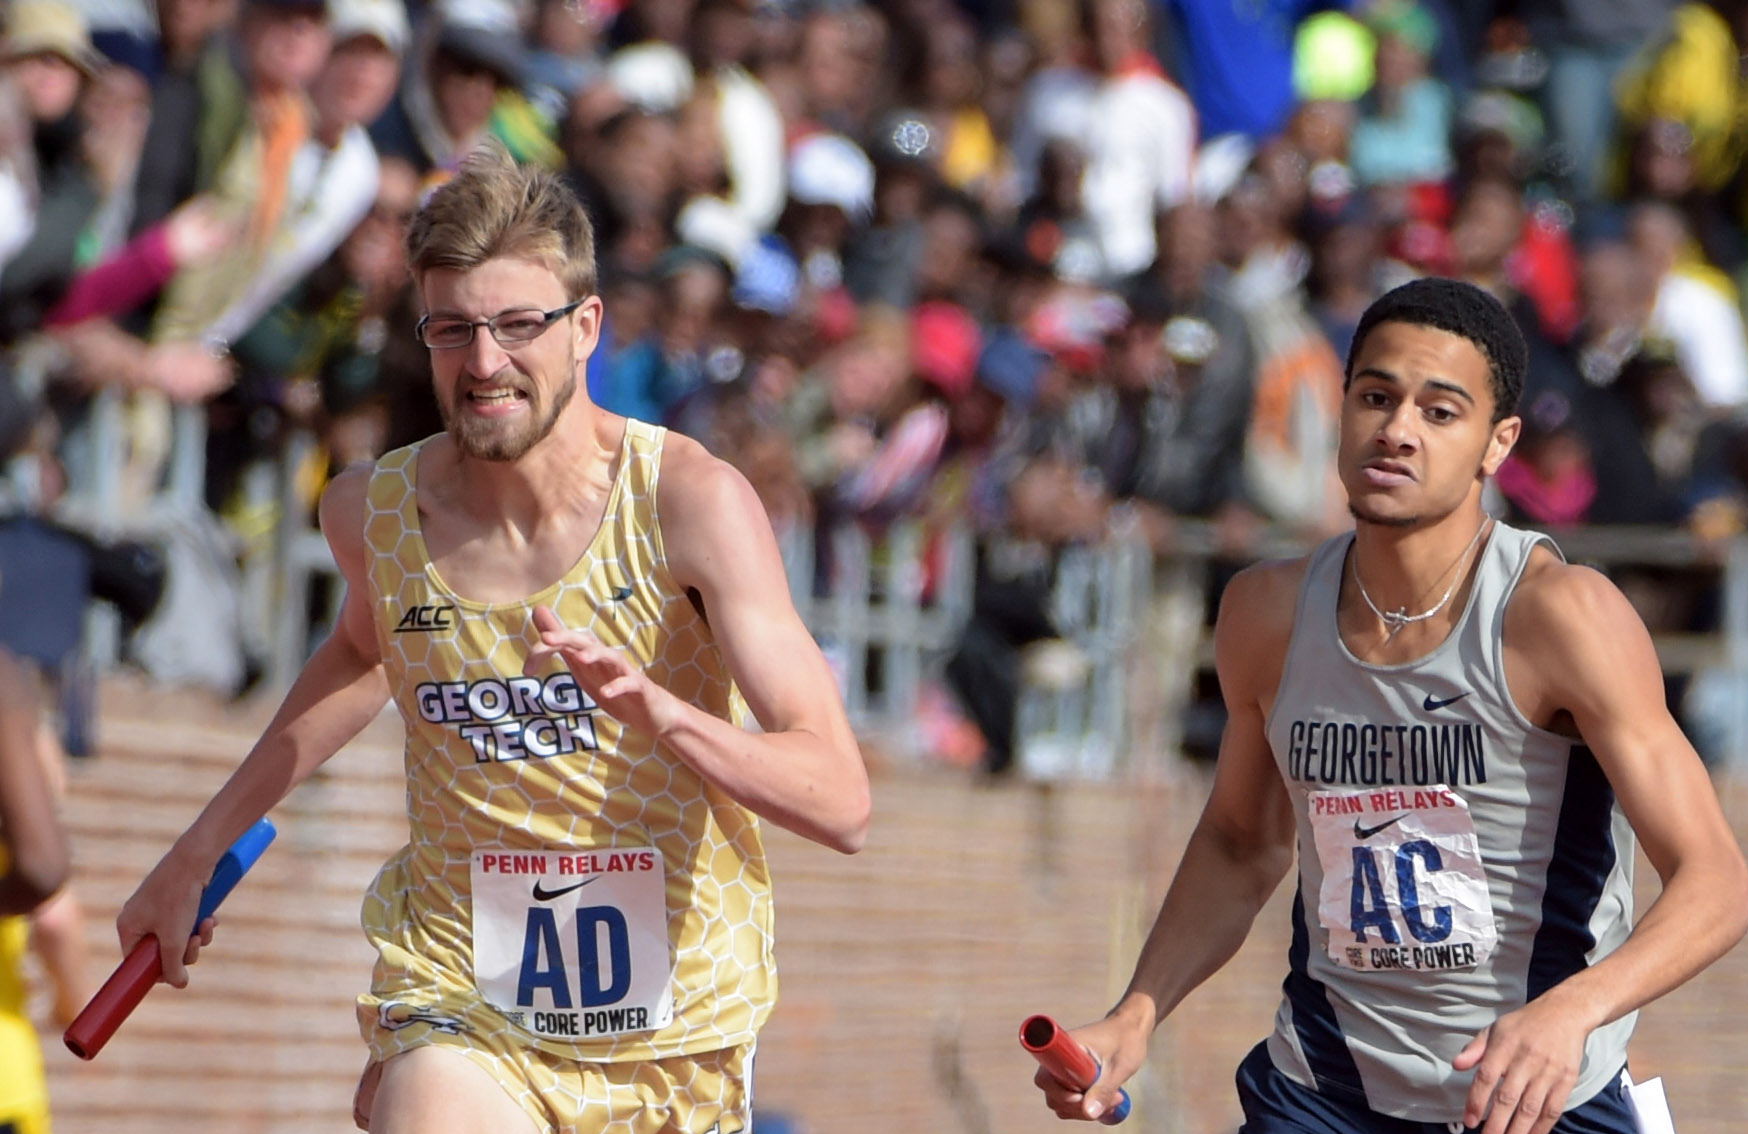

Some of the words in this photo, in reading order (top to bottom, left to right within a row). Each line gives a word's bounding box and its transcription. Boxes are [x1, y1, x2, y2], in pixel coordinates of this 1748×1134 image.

[396, 605, 455, 629] ACC
[460, 715, 600, 763] TECH
[1288, 720, 1487, 786] GEORGETOWN
[1316, 794, 1363, 815] PENN
[1370, 790, 1456, 812] RELAYS
[482, 855, 548, 875] PENN
[558, 852, 655, 874] RELAYS
[1350, 840, 1453, 944] AC
[516, 905, 633, 1009] AD
[1371, 947, 1410, 969] CORE
[1413, 943, 1476, 969] POWER
[534, 1011, 579, 1036] CORE
[584, 1007, 648, 1034] POWER
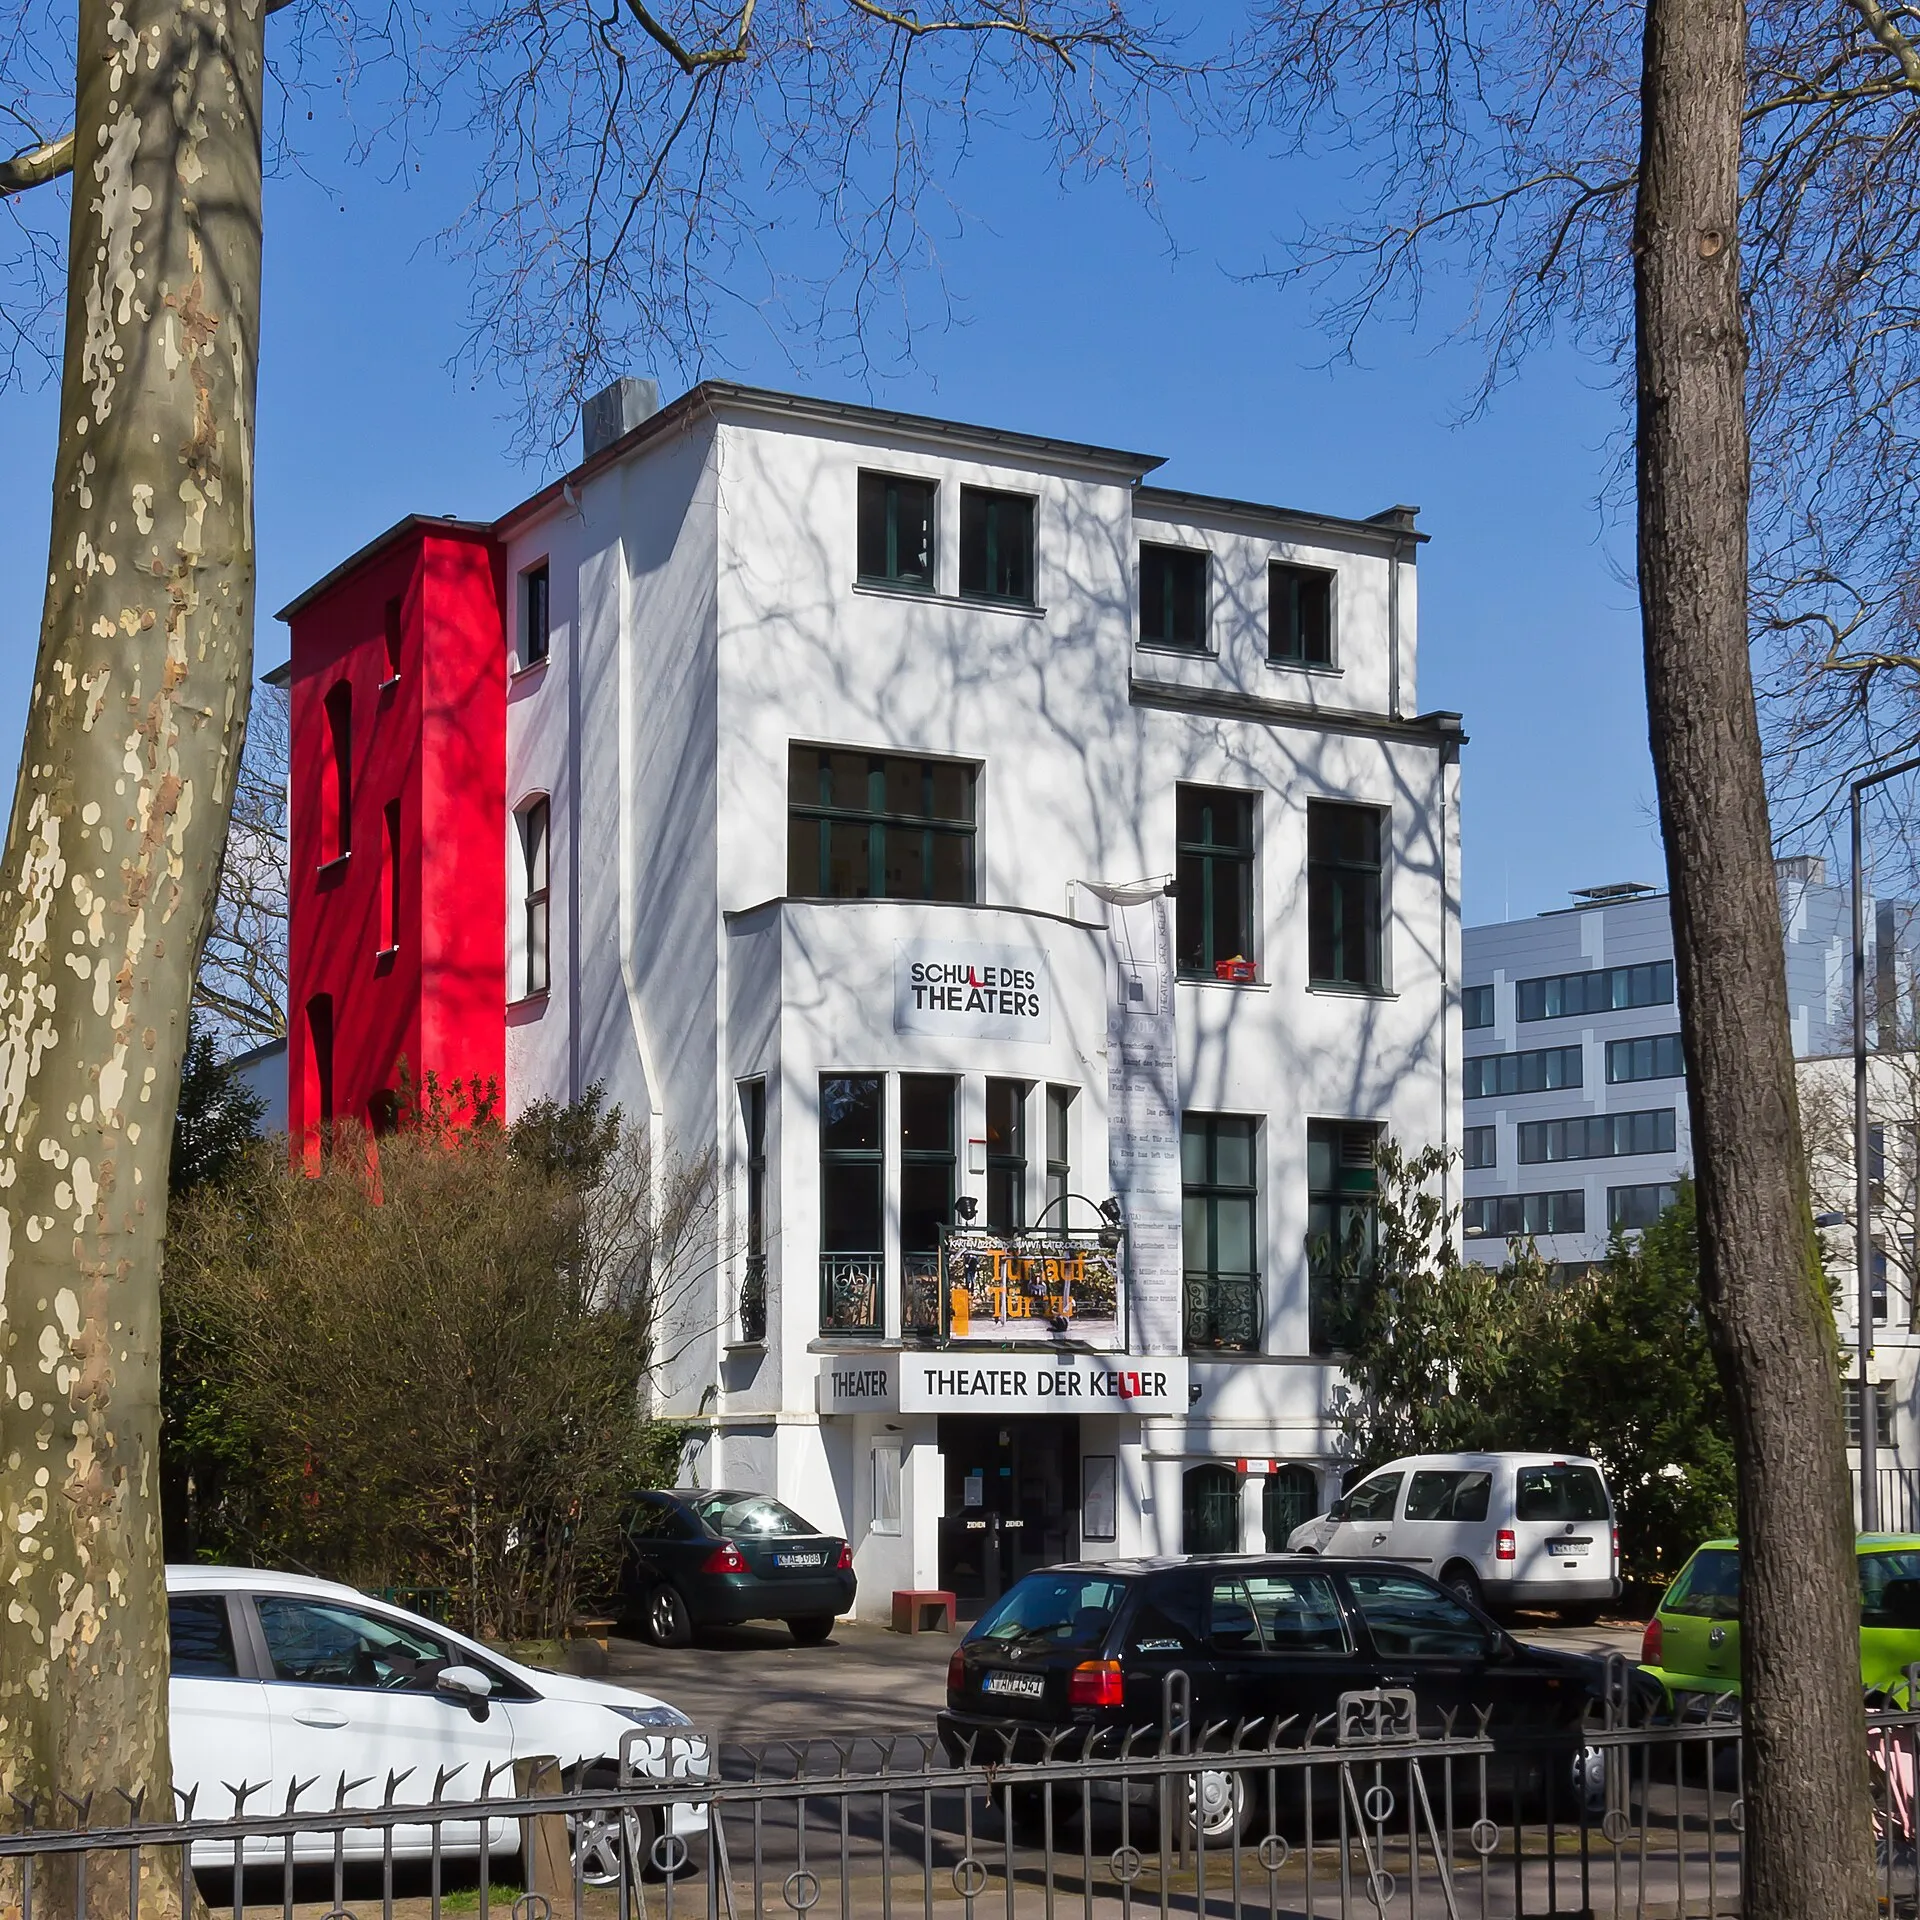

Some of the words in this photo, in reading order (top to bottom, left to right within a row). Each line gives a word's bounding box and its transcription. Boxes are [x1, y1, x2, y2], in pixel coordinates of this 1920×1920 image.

[911, 962, 996, 988] SCHULE
[1000, 967, 1035, 990] DES
[911, 984, 1040, 1017] THEATERS
[986, 1249, 1036, 1282] Tür
[1043, 1250, 1088, 1282] auf
[986, 1286, 1033, 1319] Tür
[831, 1370, 888, 1398] THEATER
[924, 1370, 1028, 1397] THEATER
[1037, 1371, 1083, 1397] DER
[1090, 1372, 1168, 1401] KELLER
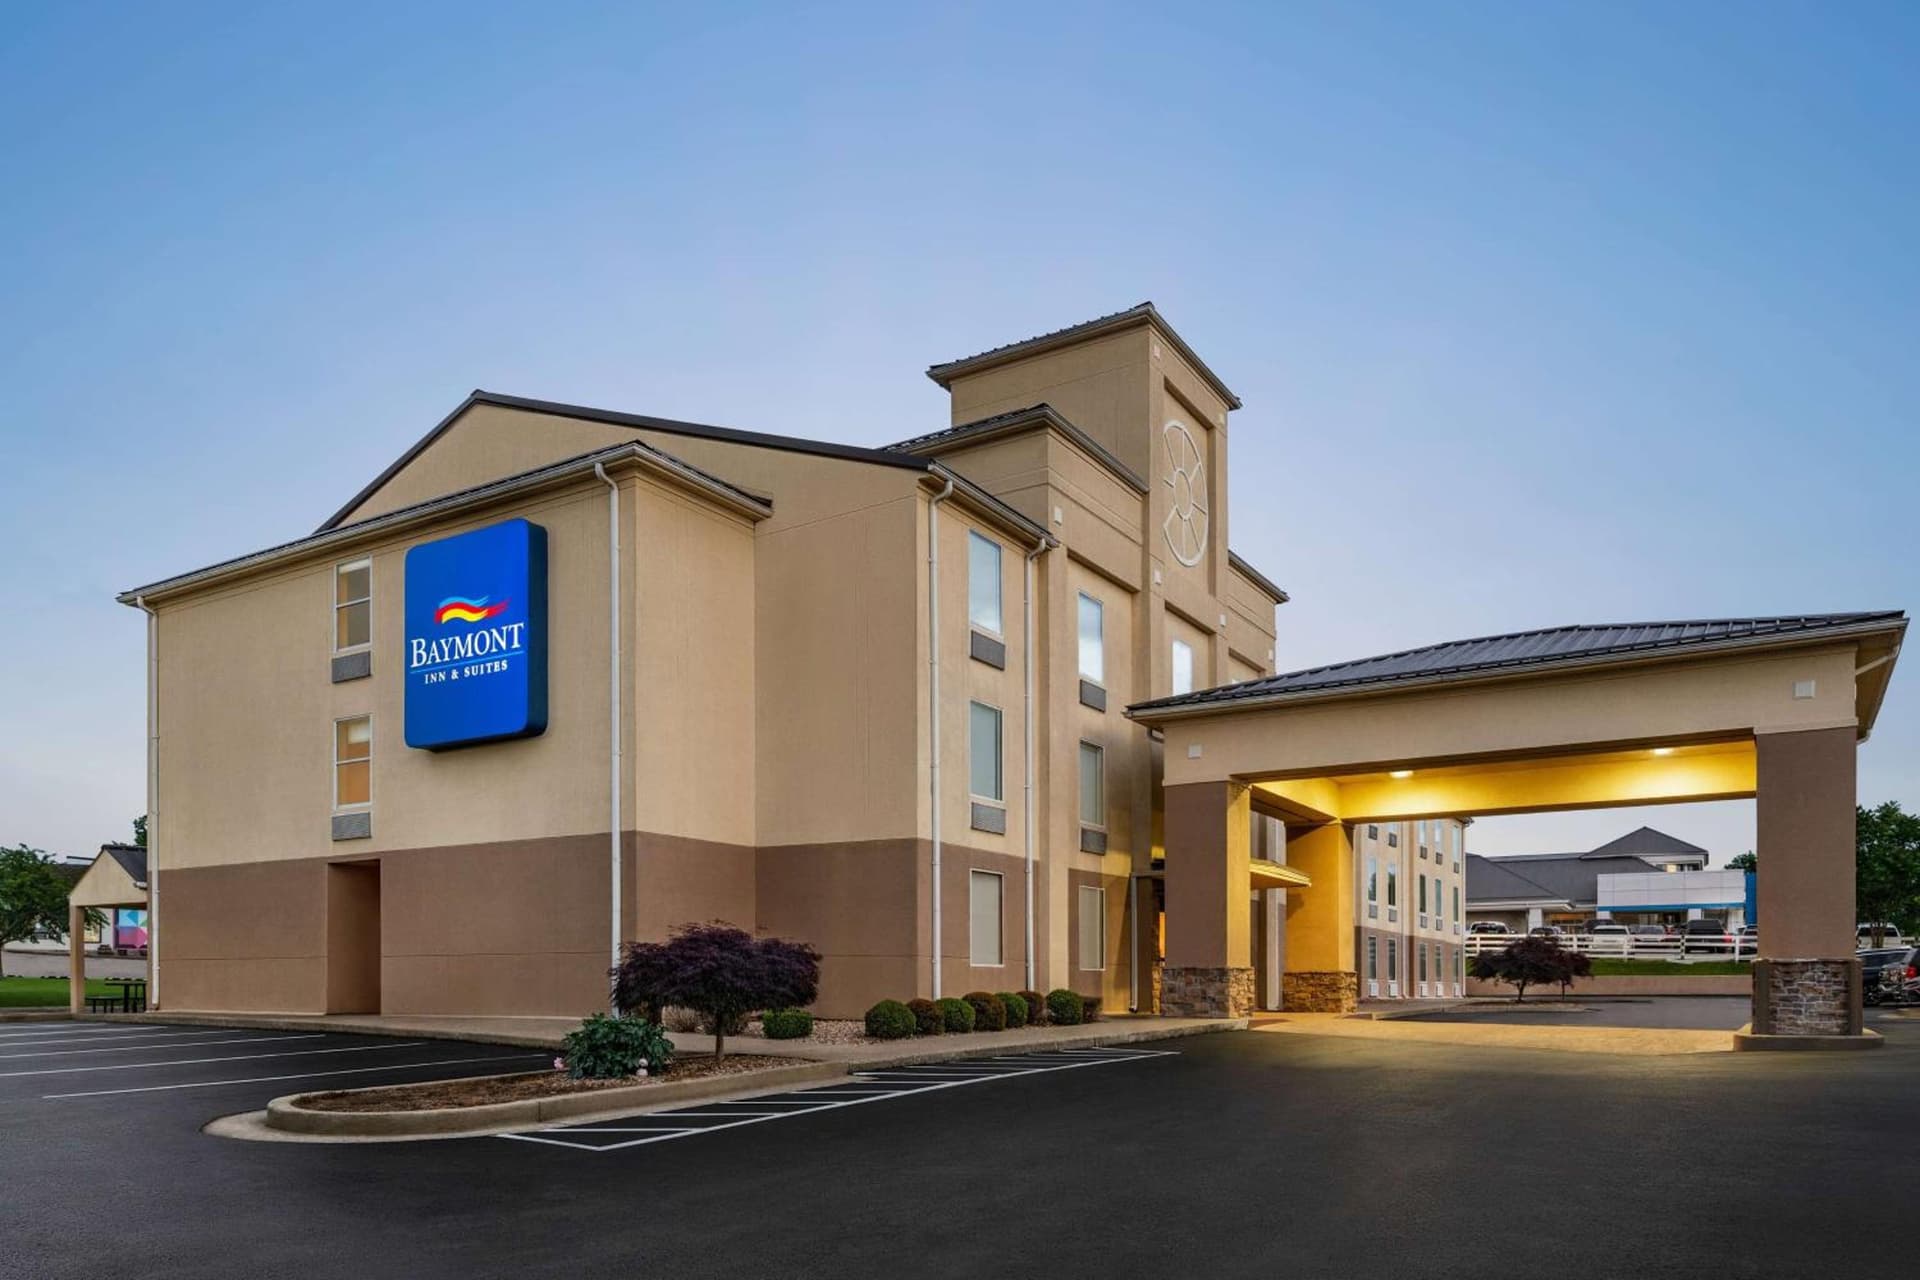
━━━
- To do:
Repeat every line of the data exactly, but do not include pictures.

- Task solution:
Some of the words in this photo, in reading order (top to bottom, left to right within a row). Each line gives a word's bounding box and its transcription. Boxes are [x1, y1, x2, y2], in pixel coordinates of this 1748×1134 image.

[396, 605, 455, 629] ACC
[460, 715, 600, 763] TECH
[1288, 720, 1487, 786] GEORGETOWN
[1316, 794, 1363, 815] PENN
[1370, 790, 1456, 812] RELAYS
[482, 855, 548, 875] PENN
[558, 852, 655, 874] RELAYS
[1350, 840, 1453, 944] AC
[516, 905, 633, 1009] AD
[1371, 947, 1410, 969] CORE
[1413, 943, 1476, 969] POWER
[534, 1011, 579, 1036] CORE
[584, 1007, 648, 1034] POWER

Some of the words in this photo, in reading order (top to bottom, left to right within a row). Each line gives a word's bounding box and its transcription. Boxes are [x1, y1, x2, y2], in pixel coordinates of this 1920×1920 image.

[911, 962, 996, 988] SCHULE
[1000, 967, 1035, 990] DES
[911, 984, 1040, 1017] THEATERS
[986, 1249, 1036, 1282] Tür
[1043, 1250, 1088, 1282] auf
[986, 1286, 1033, 1319] Tür
[831, 1370, 888, 1398] THEATER
[924, 1370, 1028, 1397] THEATER
[1037, 1371, 1083, 1397] DER
[1090, 1372, 1168, 1401] KELLER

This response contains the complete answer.